Cpt. Kirk &. Reformhölle (What’s So Funny About ..., 1992) Eine der ersten Bands, die mit dem Gestus Musik und Texte gemacht hat, der als „Hamburger Schule“ subsumiert wurde. Frontmann Tobias Levin produziert mittlerweile auf seinem Label Electric Avenue Studio herausragende Platten.

various artists Pudel Produkte 12 (Staatsakt, 2010) 12” Wichtiges Cover von Schorsch Kamerun zum Gentrifizierungswahn mit: Die Goldenen Zitronen, Henke Systems, Gustav, School Of Zuversicht und Die Guhl Material Sekte.

Fischmob Power (Plattenmeister, 1998) Diese Platte vereint mehr Musikstile, als ich Zehen und Finger habe: „Schrammel oder Beats. Alles wird gut. Denn die Mutter von alledem heißt Musik. Und Mutter hat immer recht.“

Kommando Sonne-nmilch Jamaica (Major Label 2007) Wegen des tollen Covers von Champagneruschi ausgewählt. Denn: das ganze Œuvre von Jens Rachut, dem Sänger von Kommando Sonne-nMilch, sei hier empfohlen: Von „Angeschissen“, „Das Moor“, „Blumen Am Arsch Der Hölle“, „Oma Hans“, „Seuchenprinz“ bis „Nuclear Raped Fuck Bomb“.

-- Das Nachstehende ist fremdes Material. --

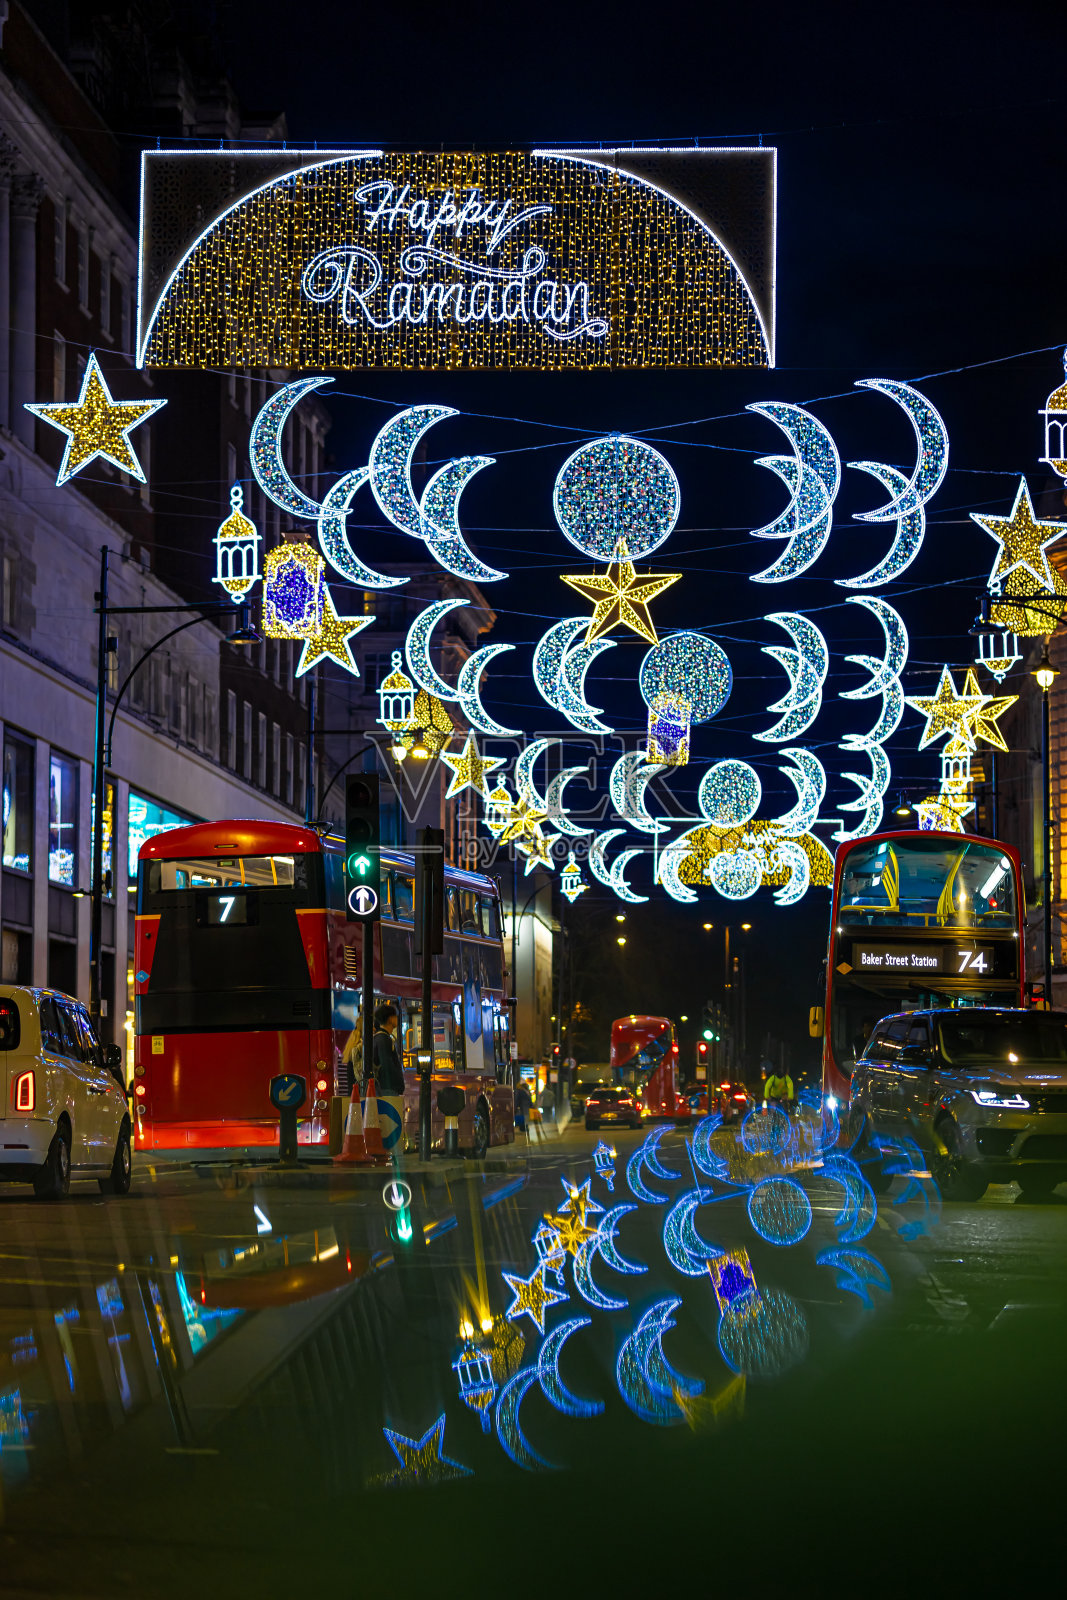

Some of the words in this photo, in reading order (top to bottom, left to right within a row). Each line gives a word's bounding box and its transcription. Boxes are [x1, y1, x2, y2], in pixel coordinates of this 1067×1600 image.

DJ Koze Music Is Okay (Yo Mama’s Recording, 2000) Sein erstes Album voller spitzenmäßiger Remixe von Musikern wie Blumfeld, Station 17, Rocko oder Tocotronic. Wird uns noch vor Ende des Intros aus den Händen gerissen, sobald wir es Second Hand im Laden haben.

Ada Meine Zarten Pfoten (Pampa Records, 2011) „Wow, was war denn das nochmal für eine tolle Platte?“ Denk ich jedes Mal und freue mich dann, diese Platte zu kennen. Im weitesten Sinne Pop mit Ausflügen in die Genres House, Chanson und Electronic. Jan Delay Searching For The Jan Soul Rebels (Buback, 2001) Nach dem grandiosen Nena-Cover „Irgendwie, Irgendwo, Irgendwann“ kam diese Scheibe: Tolle, sehr linke Texte, und die Musik liegt zwischen Reggae und Dub, mit viel Druck. Wichtige Platte!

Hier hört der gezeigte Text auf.